The first routine of the week is the back routine. Starting with five supersets of pull-ups and push-ups, about 20 reps each, doing less reps on the pull-ups at each round, the workout continues with four sets of hammer strength two-arm rows with 12 reps in each set. Then he does the same sets and reps with the dumbbell row before finishing up with four sets of Swiss ball hyperextensions, with the rep counts of 25, 20, 15 and 15.
On the second day Hemsworth works his chest, starting with a long eight sets on the barbell bench press. The reps for the sets are 12, 10, 10, 8, 8, 6, 4, 4, and 4. Then he does four sets of 12 reps on the incline dumbbell bench press and four sets of 15 reps on the chest press. Hemsworth finishes up this workout with a superset of weighted dips and cable flys – four sets of 12 reps and four sets of 10 reps respectfully.
Day three is leg day, and it’s the only lower body workout in this program. He does seven sets of barbell squats, starting with 10 reps and reducing the number of reps with each set, followed by just one set of leg presses done to failure. From there, it’s four set of 20 reps with bodyweight lunges. He does three sets of 20 reps on the single leg curl for each side in a triset with standing calf raises, which is also done in three sets of 20 reps.
The last two routines for the week are the shoulder routine and a day just for arms, to which can be credited Hemsworth’s impressive biceps and triceps. These he does in similar fashion to the rest of the routine, doing a variety of classic moves in around three to four sets of 10 to 20 reps. There’s also a bonus workout: abs. The abs routine is a circuit of moves, including holding plank for 60 seconds, doing 12 hanging leg raises, 60 seconds of side plank, and 12 reps of toes to bar on the pull-up bar. Each rep is to be performed slowly so as to avoid momentum and put the focus on form and resistance.
Chris Hemsworth Diet
As challenging as Hemsworth’s Thor-ready workout routine is, the star claims that his diet is the biggest key to the successful crafting of his god-like physique. Of course, when some people are told to eat like a god they may assume that it means feasting on a variety of the richest foods and the best that the Earth can provide. Hemsworth reports that he simply didn’t get the same quality of results when his diet was less strict and he was training just as hard (2).

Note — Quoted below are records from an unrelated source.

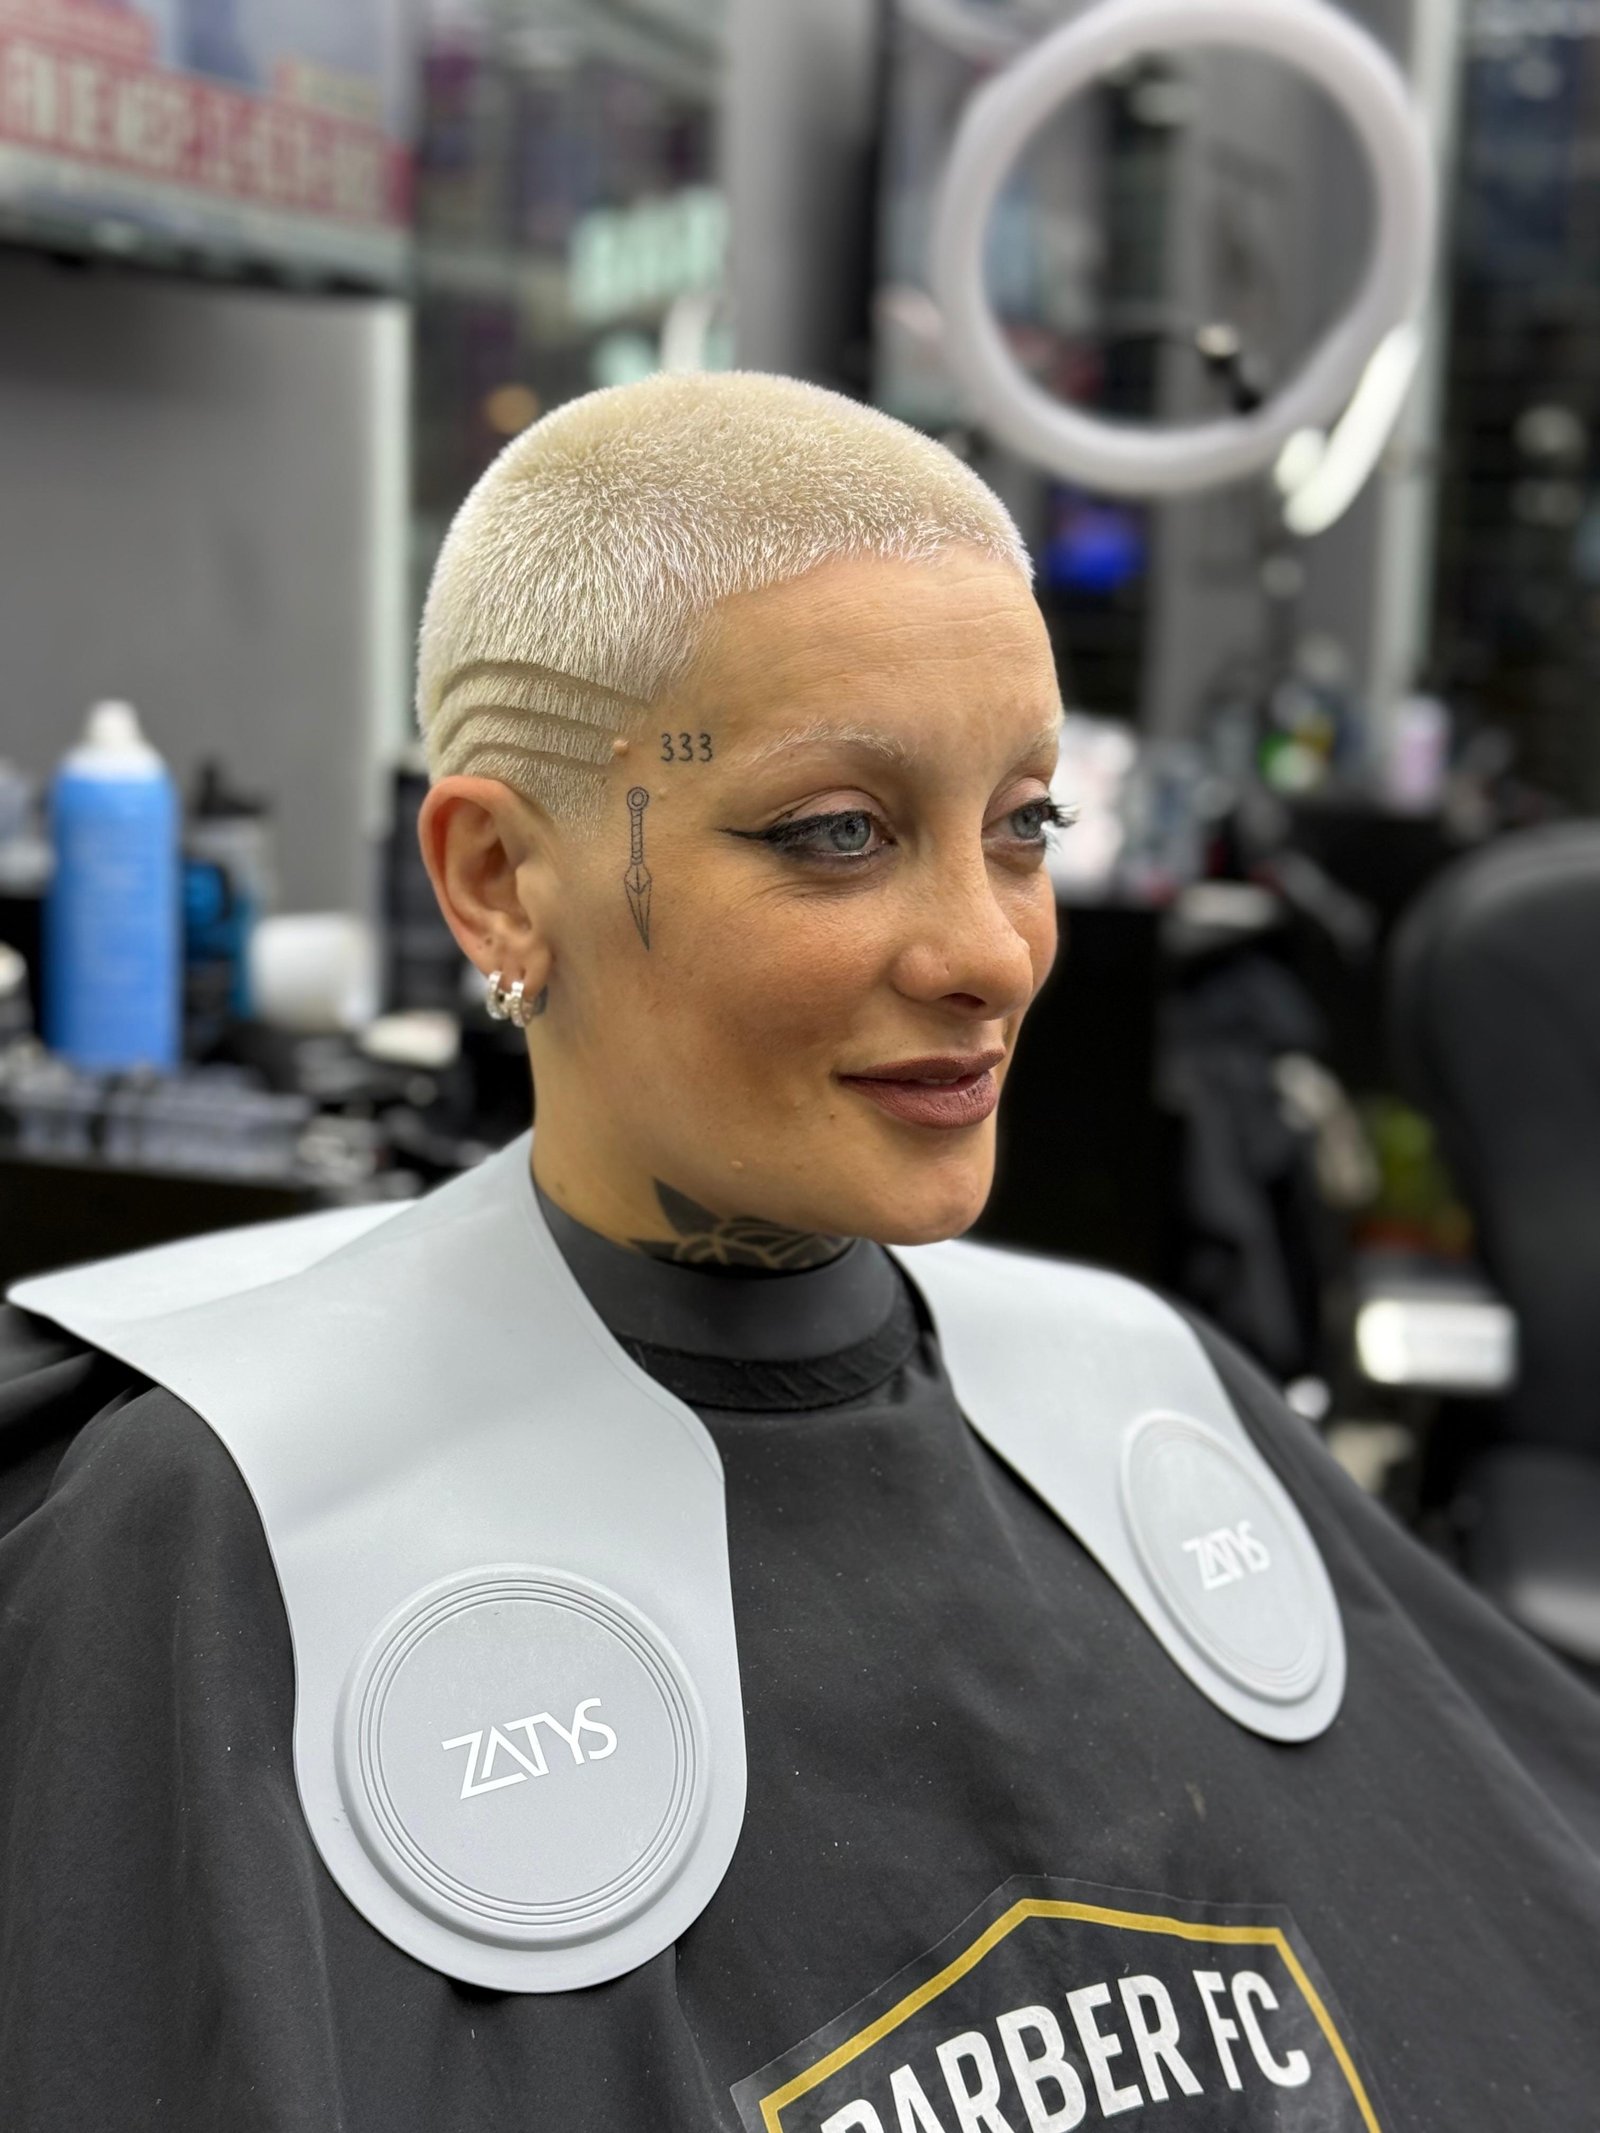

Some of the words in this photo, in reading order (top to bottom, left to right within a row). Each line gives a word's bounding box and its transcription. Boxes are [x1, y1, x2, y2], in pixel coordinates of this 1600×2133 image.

[660, 732, 713, 762] 333
[1181, 1519, 1270, 1591] ZATYS
[440, 1697, 618, 1800] ZATYS
[820, 1974, 1203, 2133] ARBER
[1192, 1970, 1311, 2091] FC

With the kind of muscle mass Hemsworth has, it’s probably easy to guess he followed a high-protein diet. The intriguing part is that it’s all plant-based. No meat for Hemsworth. His Thor diet is a vegan diet. Actually, veganism isn’t something that Hemsworth was doing all the time. It’s an approach that he tried out after getting ready for his first Thor movies, starting right as the filming of Avengers commenced (3). He tried the vegan diet and he liked the results, so he’s stuck with it ever since, eating six meals a day and getting his protein from beans and veggie burgers.
Why You Should Be More Like Chris Hemsworth
Though Hemsworth has pretty much stayed with the same routine from the start of his career as Thor, he did refine his results by refining a few of the things that he did. The biggest change was his diet. There was once a time when he thought animal protein was the only way to go, but he was proven wrong by his own experiment. Hemsworth’s Thor workout routine is proof that you don’t need a lot of fancy tactics to get fabulously fit. The same classic moves that have been in use for years work well. What really makes the difference is the amount of dedication put into following the plan through and monitoring the results.